*** Opening of Data under study ***

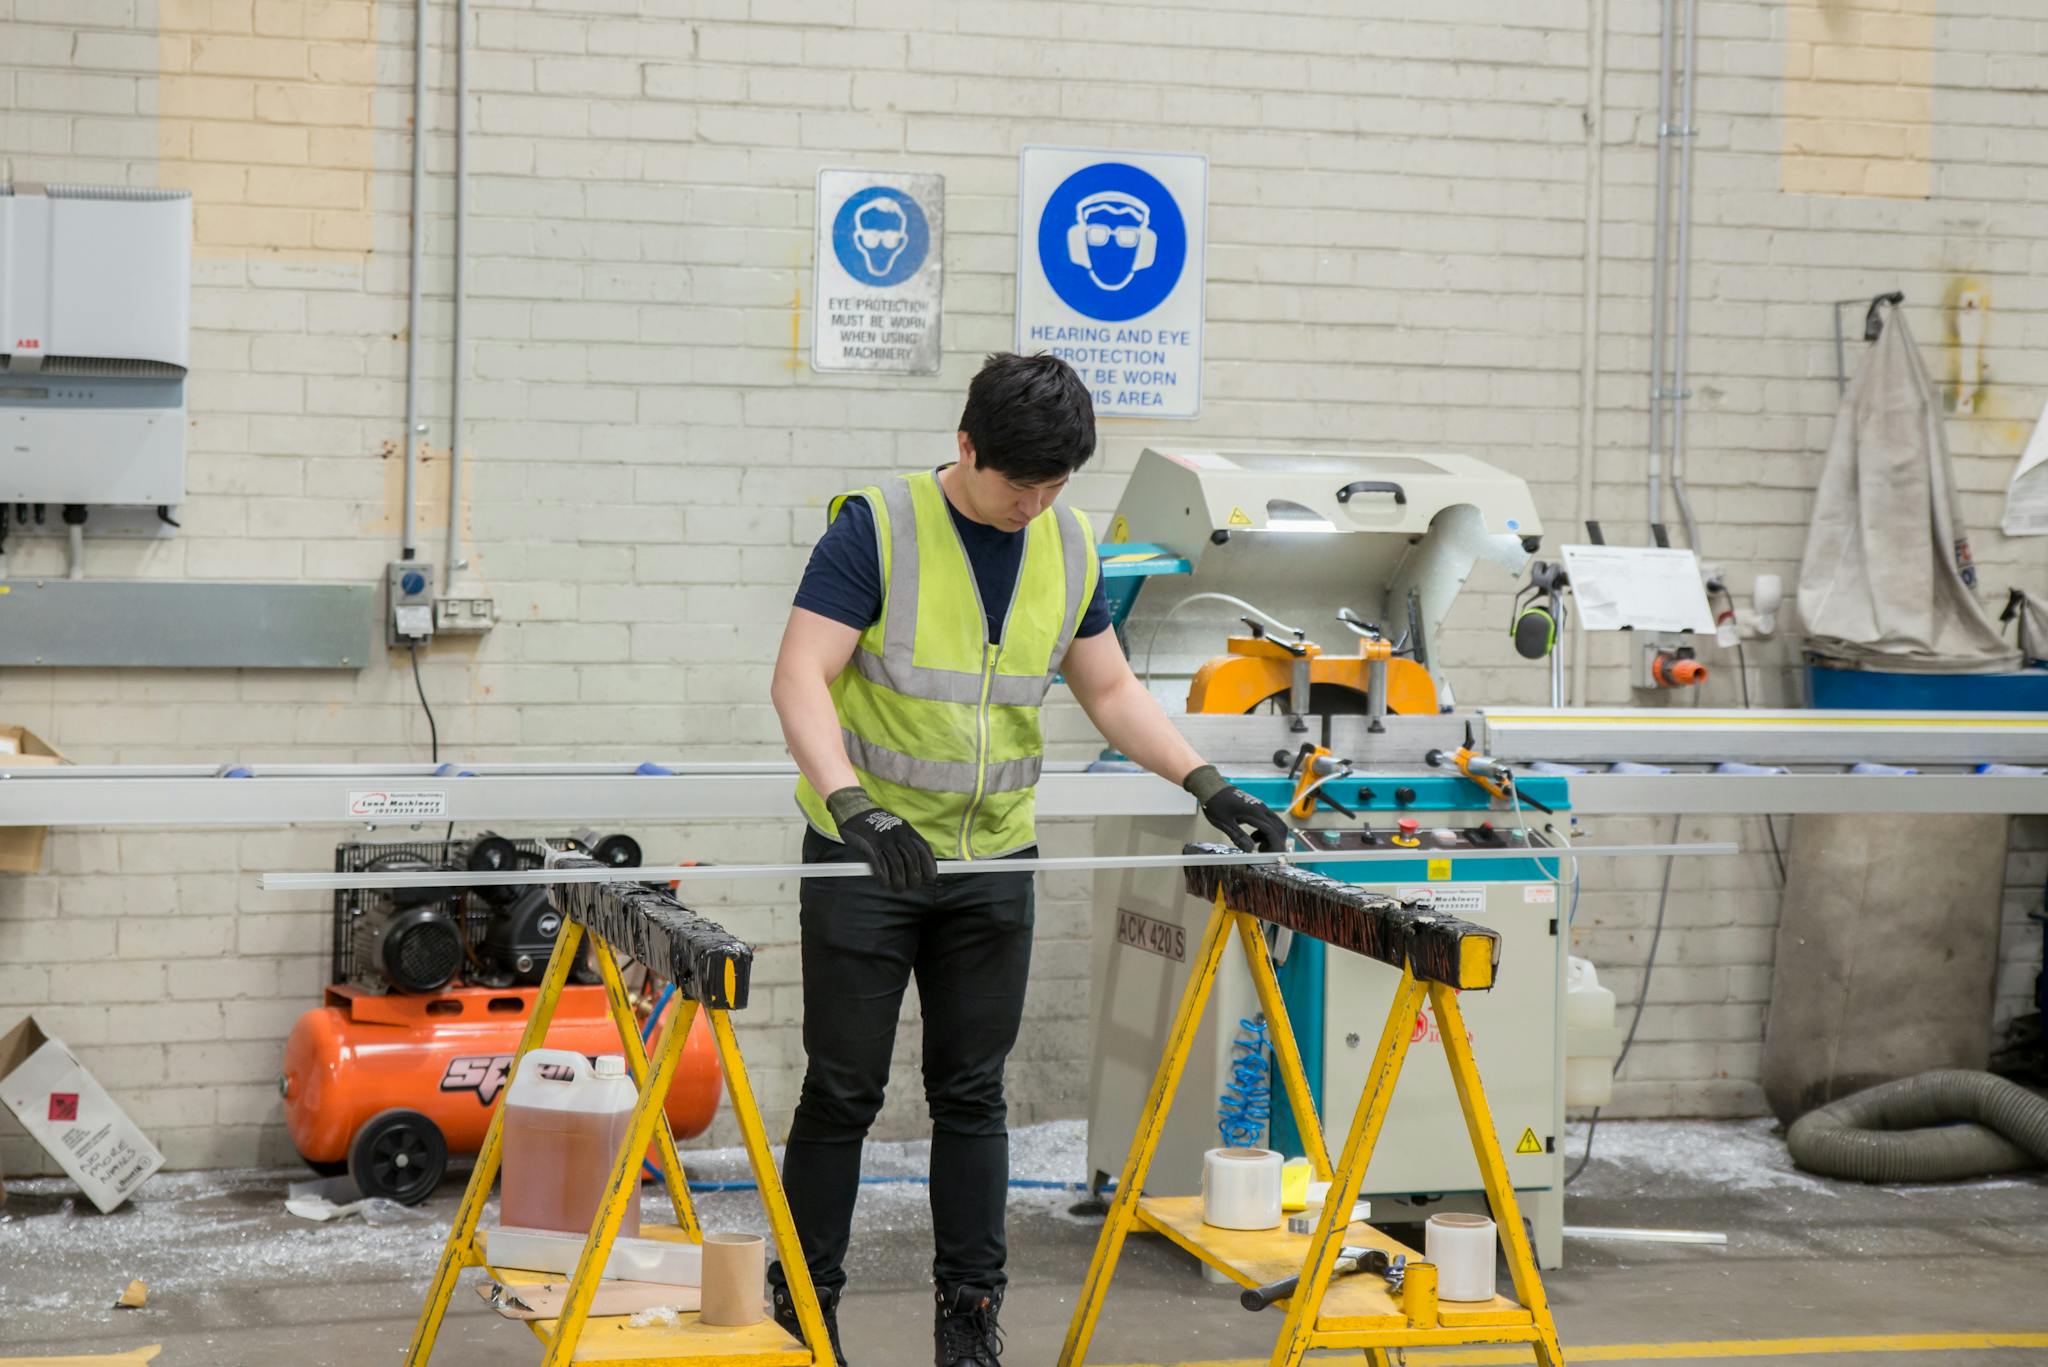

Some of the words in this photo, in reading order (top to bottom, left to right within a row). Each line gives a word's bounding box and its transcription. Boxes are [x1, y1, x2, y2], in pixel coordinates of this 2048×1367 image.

[829, 297, 851, 311] EYE
[856, 298, 929, 313] PROTECTION
[831, 314, 864, 327] MUST
[870, 315, 885, 329] BE
[890, 316, 926, 329] WORN
[840, 331, 876, 343] WHEN
[881, 331, 919, 345] USING
[1030, 325, 1111, 343] HEARING
[1116, 328, 1152, 345] AND
[1158, 329, 1191, 346] EYE
[843, 346, 912, 360] MACHINERY
[1052, 347, 1165, 365] PROTECTION
[1095, 369, 1117, 385] BE
[1124, 370, 1177, 386] WORN
[1117, 391, 1164, 406] AREA
[1119, 913, 1147, 947] ACK
[1150, 922, 1172, 954] 420
[1175, 930, 1184, 958] S

*** Close of Data under study ***

Task directions —
The answer consists of the records repeated exactly, without any images.

Solved problem —
Some of the words in this photo, in reading order (top to bottom, left to right within a row). Each line gives a word's bounding box and its transcription. Boxes are [x1, y1, x2, y2], in pixel coordinates of this 2048×1367 image.

[829, 297, 851, 311] EYE
[856, 298, 929, 313] PROTECTION
[831, 314, 864, 327] MUST
[870, 315, 885, 329] BE
[890, 316, 926, 329] WORN
[840, 331, 876, 343] WHEN
[881, 331, 919, 345] USING
[1030, 325, 1111, 343] HEARING
[1116, 328, 1152, 345] AND
[1158, 329, 1191, 346] EYE
[843, 346, 912, 360] MACHINERY
[1052, 347, 1165, 365] PROTECTION
[1095, 369, 1117, 385] BE
[1124, 370, 1177, 386] WORN
[1117, 391, 1164, 406] AREA
[1119, 913, 1147, 947] ACK
[1150, 922, 1172, 954] 420
[1175, 930, 1184, 958] S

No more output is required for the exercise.